Investing using environmental, social and governance (ESG) criteria is no longer a niche activity. It is an increasingly important theme in the asset management world, with many predicting that it will soon become a default approach for most funds, not just those that badge themselves as specialist ESG products.

This change has already taken place at BNP Paribas Asset Management (BNPP AM), which offers several specialist ESG funds, but also aims to meet clear ESG criteria across its entire product range. Helena Viñes Fiestas, the company’s Head of Sustainability Research, is responsible for making sure that happens.

Viñes Fiestas was recently instrumental in establishing BNPP AM’s sustainability center and sustainability committee (which is chaired by its CEO). The center coordinates ESG integration within investment teams, as well as product development, communication and marketing.

“Sustainability and everything around it have become critical and a pillar of our strategy,” says Viñes Fiestas. “Until recently, our head of ESG provided research on the issues to funds. But we have changed it so that ESG work is now integrated in all teams.”

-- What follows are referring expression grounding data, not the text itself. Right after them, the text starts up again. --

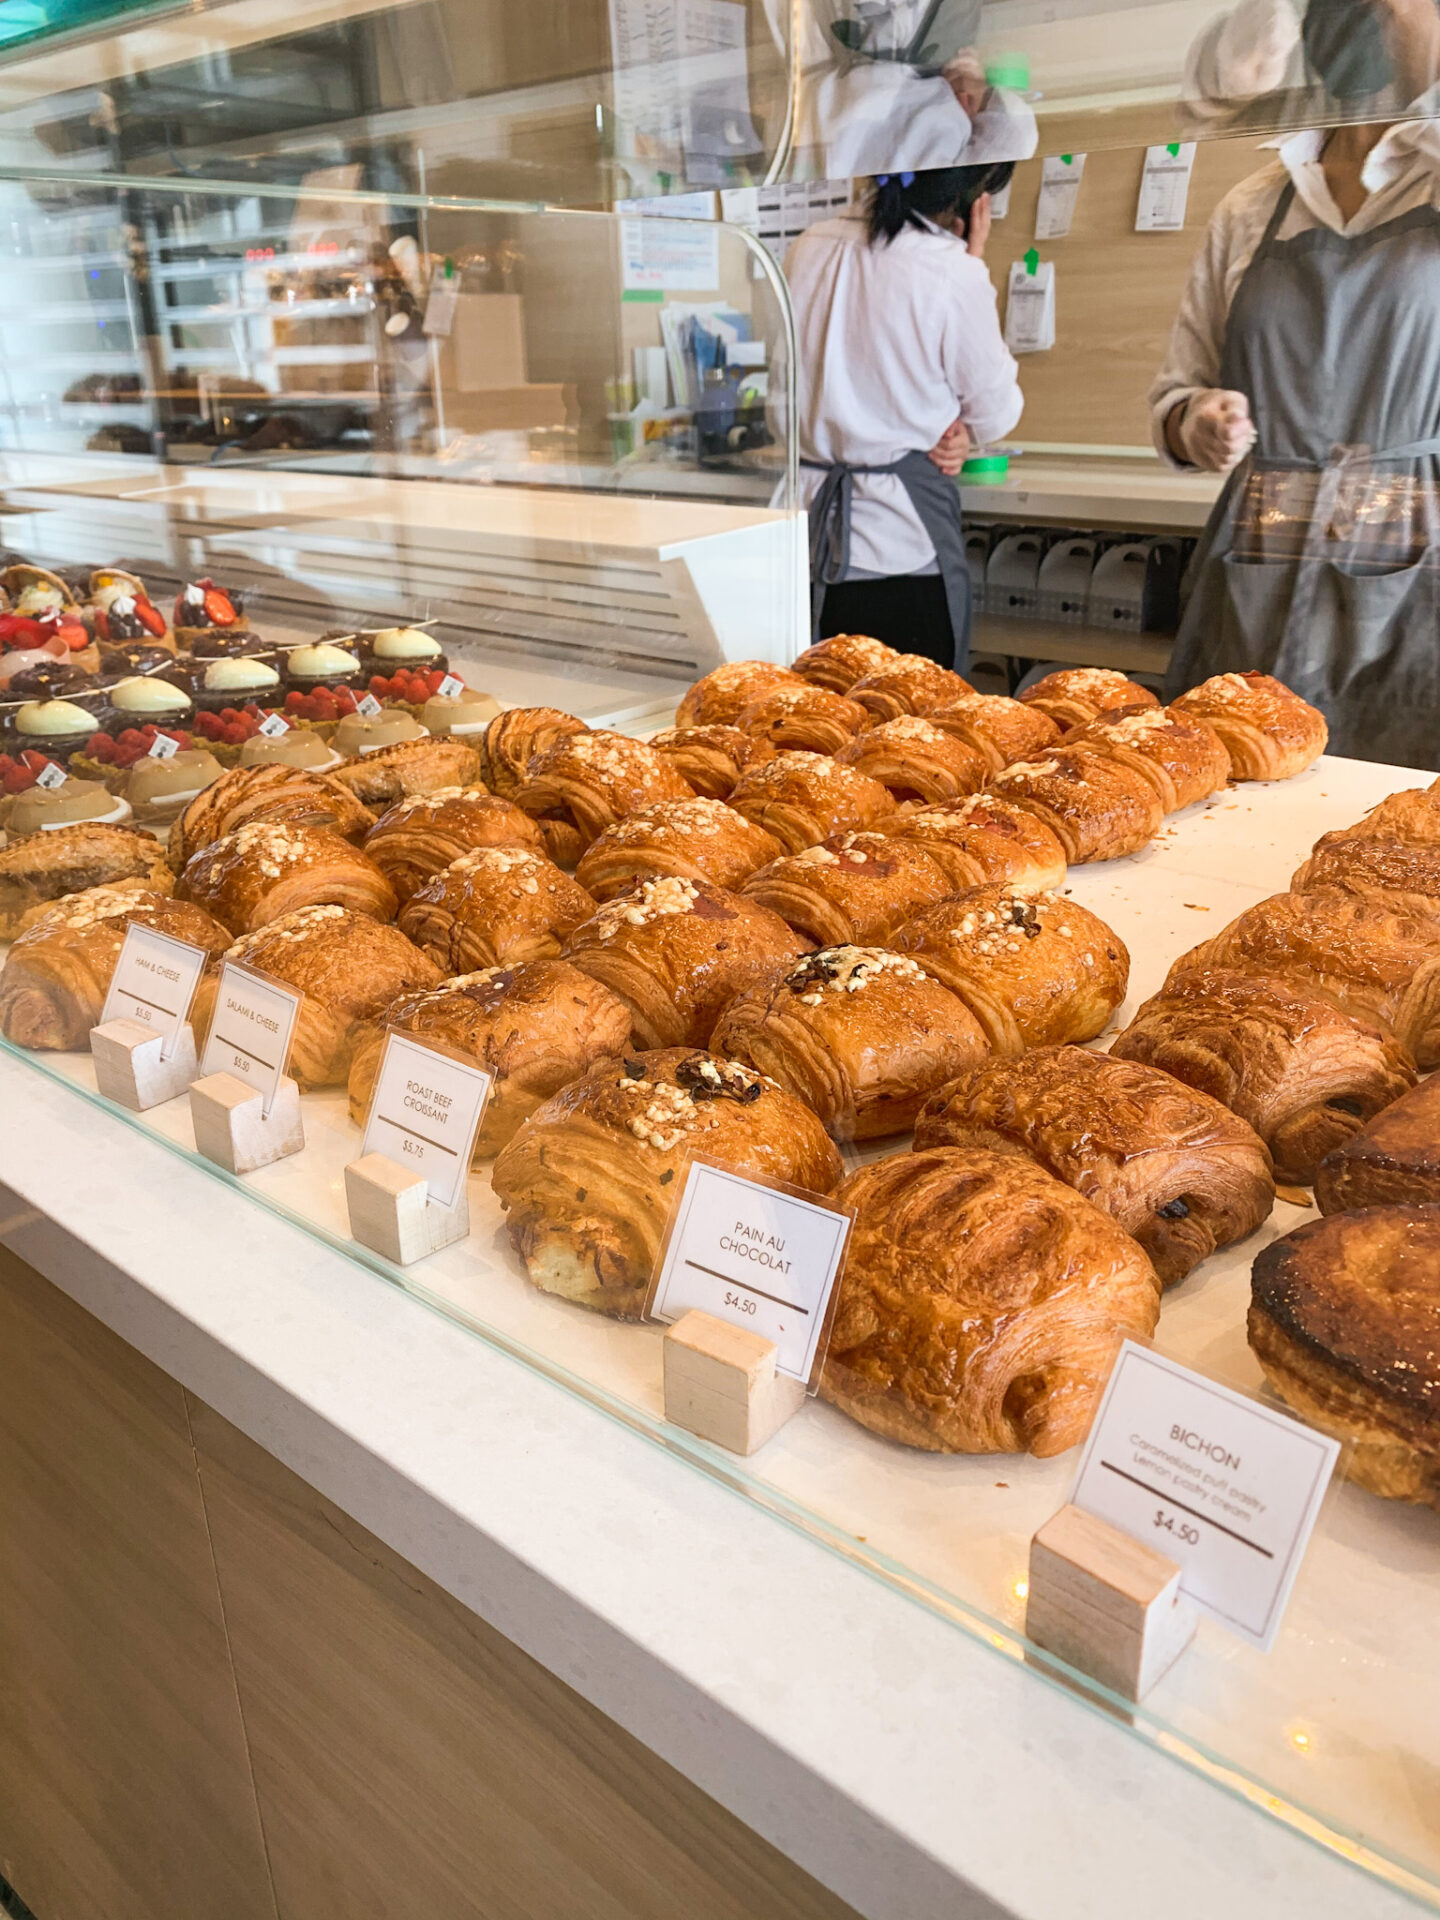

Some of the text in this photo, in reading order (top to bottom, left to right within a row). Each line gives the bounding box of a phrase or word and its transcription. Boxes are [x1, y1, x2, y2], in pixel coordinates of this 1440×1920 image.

[135, 956, 181, 983] HAM & CHEESE
[227, 998, 280, 1034] SALAMI & CHEESE
[233, 1057, 250, 1072] $5.50
[406, 1080, 453, 1108] ROAST BEEF
[403, 1096, 448, 1124] CROISSANT
[402, 1140, 424, 1158] $5.75
[735, 1222, 785, 1252] PAIN AU
[719, 1237, 792, 1275] CHOCOLAT
[724, 1292, 757, 1315] $4.50
[1169, 1425, 1241, 1470] BICHON
[1130, 1434, 1267, 1513] Caramelized puff pastry
[1133, 1452, 1252, 1521] Lemon pastry cream
[1152, 1511, 1200, 1545] $4.50

To assess the ESG credentials of all the companies the firm invests in, Viñes Fiestas’s team has developed its own indicators. These start with information that the company’s external research partners glean from corporate sustainability reports. The team ranks companies according to these indicators, then filters them into a matrix sorted by sector and sub-sector, market capitalization, and geography.

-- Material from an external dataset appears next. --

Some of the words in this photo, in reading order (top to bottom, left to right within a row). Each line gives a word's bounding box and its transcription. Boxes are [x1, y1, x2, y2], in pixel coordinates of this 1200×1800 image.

Recent corporate failures show the importance of good corporate governance and investor stewardship.
Helena Viñes Fiestas
BNP Paribas Asset Management

“We aim to meet the UN Global Compact (UNGC) principles in all our investments, but we have also developed our own policies and indicators, including some that are sector-specific,” Viñes Fiestas explains. “These cover more sensitive areas than the UNGC does, such as unconventional oil and gas, mining and the farming of palm oil. Our policies have become mandatory and we exclude companies that do not comply with the policies from all our funds and other ownership activities.”

The next level of analysis involves Viñes Fiestas and her team reading corporate annual and sustainability reports themselves for more detailed information. This might include looking for the true costs of CO2 emissions, and of water and energy usage, as well as gathering more information about a company’s research pipeline, market environment, intellectual property and policies.

In-house indicators

Viñes Fiestas says they developed proprietary indicators because “we believe we can provide the best service to clients by using active management around sustainability. Our research partners do great work, but we need more detailed information to analyze fully the company’s ESG policies and its performance against those.

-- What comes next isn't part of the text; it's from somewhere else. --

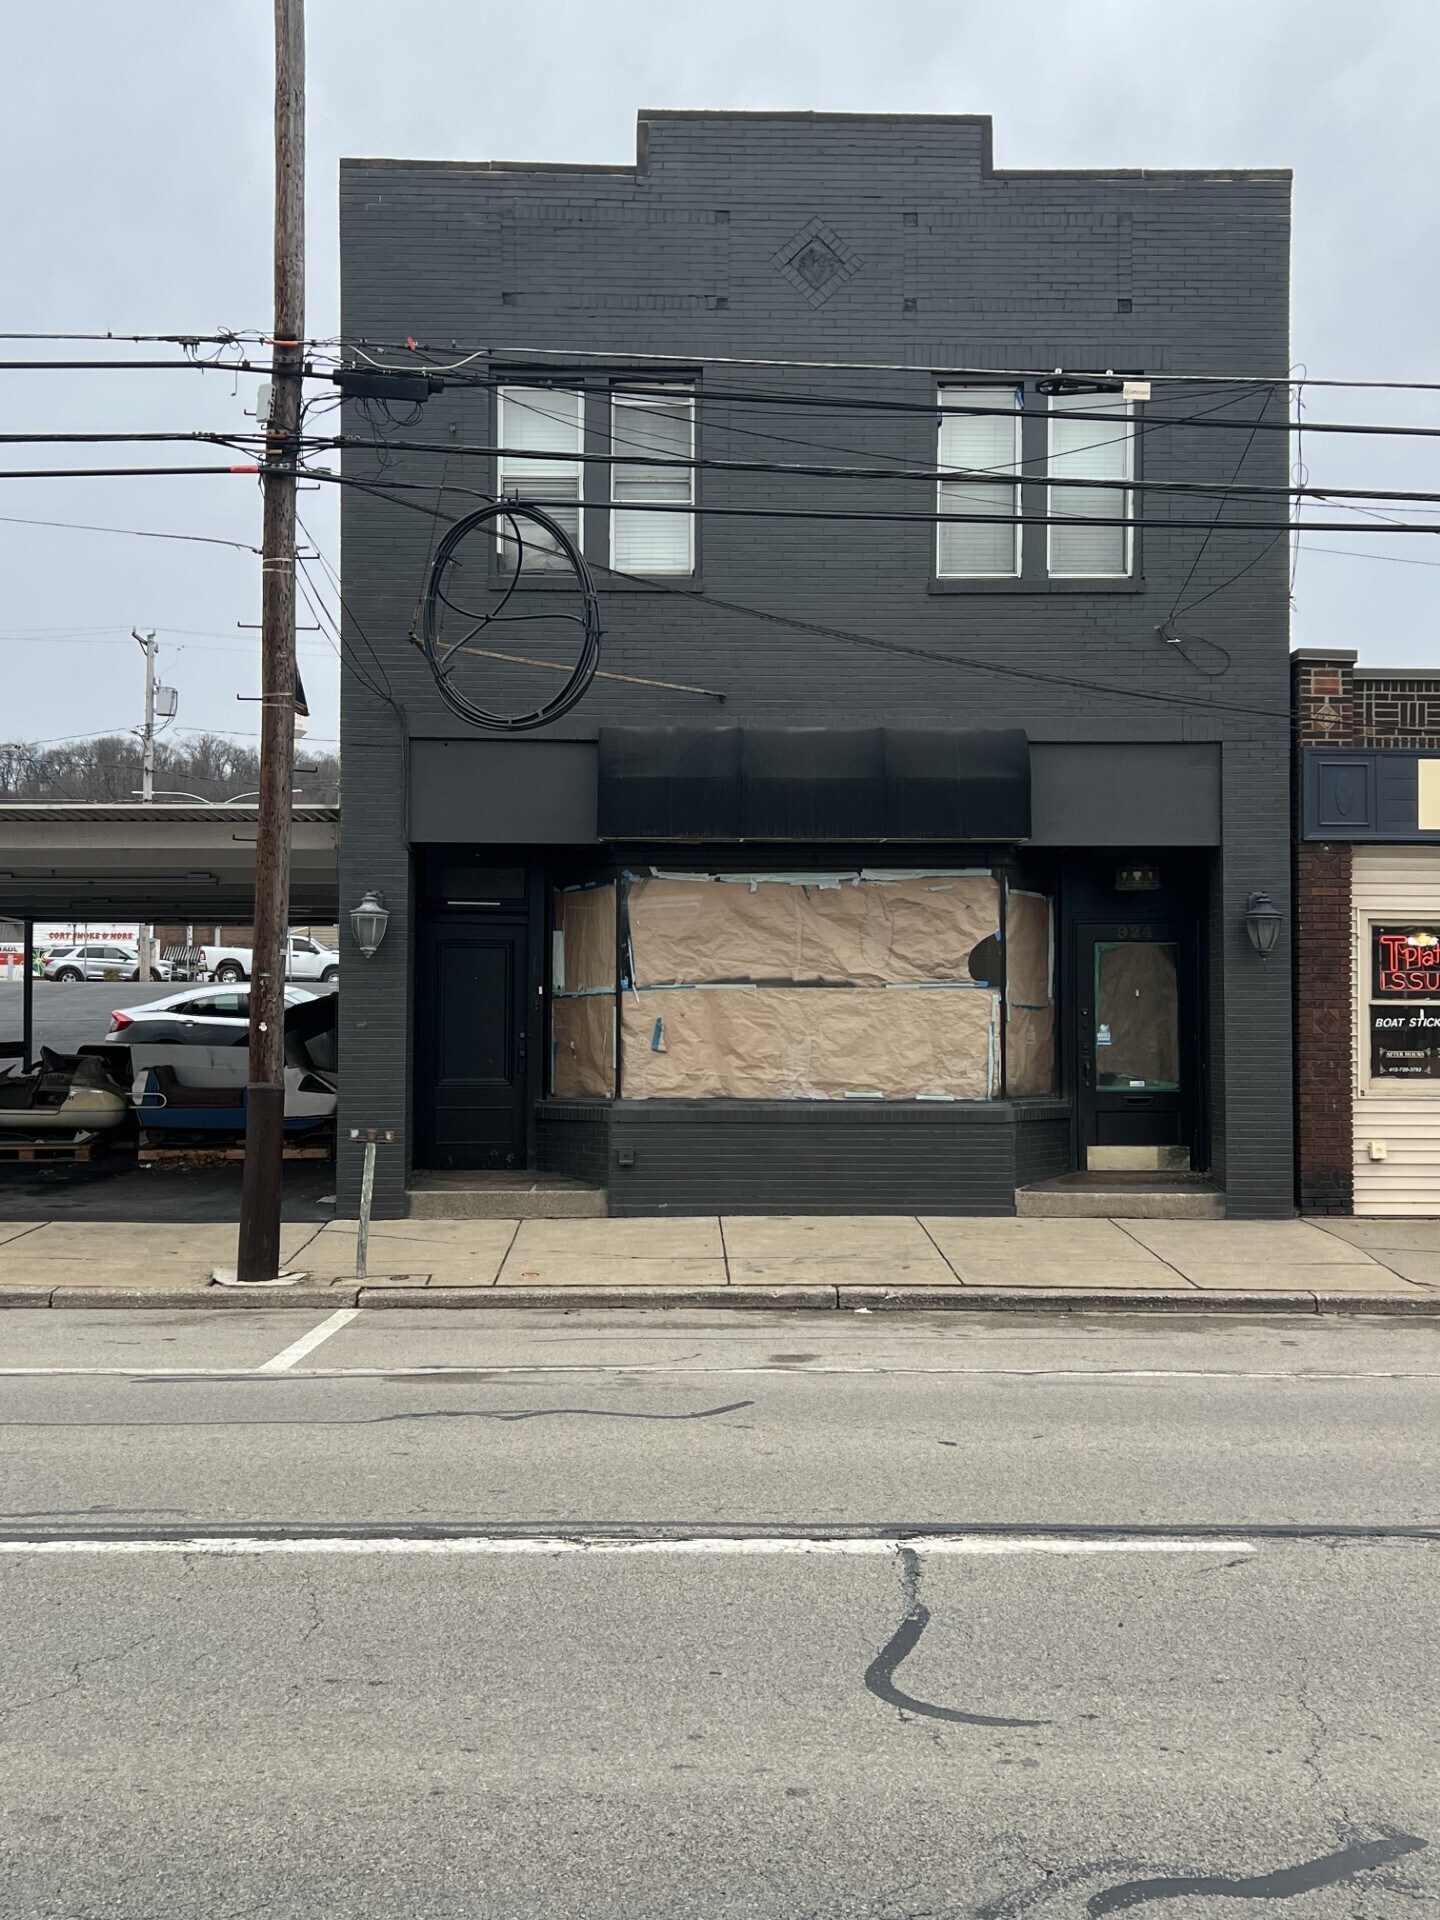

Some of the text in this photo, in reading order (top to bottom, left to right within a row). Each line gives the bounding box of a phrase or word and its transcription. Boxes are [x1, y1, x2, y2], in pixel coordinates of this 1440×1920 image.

[110, 932, 133, 940] MORE
[1381, 972, 1440, 990] ISSU
[1375, 1018, 1406, 1028] BOAT

“For example, in pharmaceuticals, we need to know what the company’s policy is on access to medicine for the most vulnerable and needy people, and what it entails,” she says. “The research provider will not look in detail at the intersection between the company’s portfolio and business model and its accessible medicine policy.

“There may be good logistical reasons, such as medical infrastructure, why the company doesn’t focus on pricing to improve accessibility. It may focus on partnerships or licensing to make up for that, but you can’t get far in that analysis unless you know the company in more detail.”

She adds that other details they look for include where the company invests, where and how it conducts clinical trials and how it reports them, the effect of its activities on public health, and how productive its research and development is. If this information is not available in the reports, the next step is to meet the management.

Carbon emission targets

Viñes Fiestas has had significant involvement in several cross-sector organizations aimed at improving understanding and disclosure of ESG issues. She is part of the policy advisory group for the UN-backed Principles for Responsible Investment (PRI), sits on the board of the Institutional Investors Group on Climate Change (IIGCC) and on the advisory board for the Organisation for Economic Co-operation and Development (OECD) guidelines on agricultural supply chains, is a member of the expert committee of the Access to Medicine Index, and acts as technical adviser to the Transition Pathway Initiative on carbon emissions. She says these roles help her to apply pressure directly to companies, and that they help to inform BNPP AM’s understanding and methodology.

While transparency on ESG issues is improving across sectors, there is still much work to do. “Today, 90% of investors’ engagement with companies is about transparency,” she says. “That hinders our ability to talk about other issues, such as performance.

“For example, investors need to know where a company is now on its Paris Agreement carbon emission targets – but also, most importantly, where it wants to get to and how. We need to decide whether the company’s future targets are sufficient and whether the plan to reach them is feasible. To do this, we need more transparency from companies on carbon emissions.”

To illustrate the problem, she explains that, of the top 20 utilities that they analyze, only nine provide targets for future emissions, only six for 2030 and only two for 2050. In the mining sector, only two companies provide any future target, and in oil and gas, only four do so.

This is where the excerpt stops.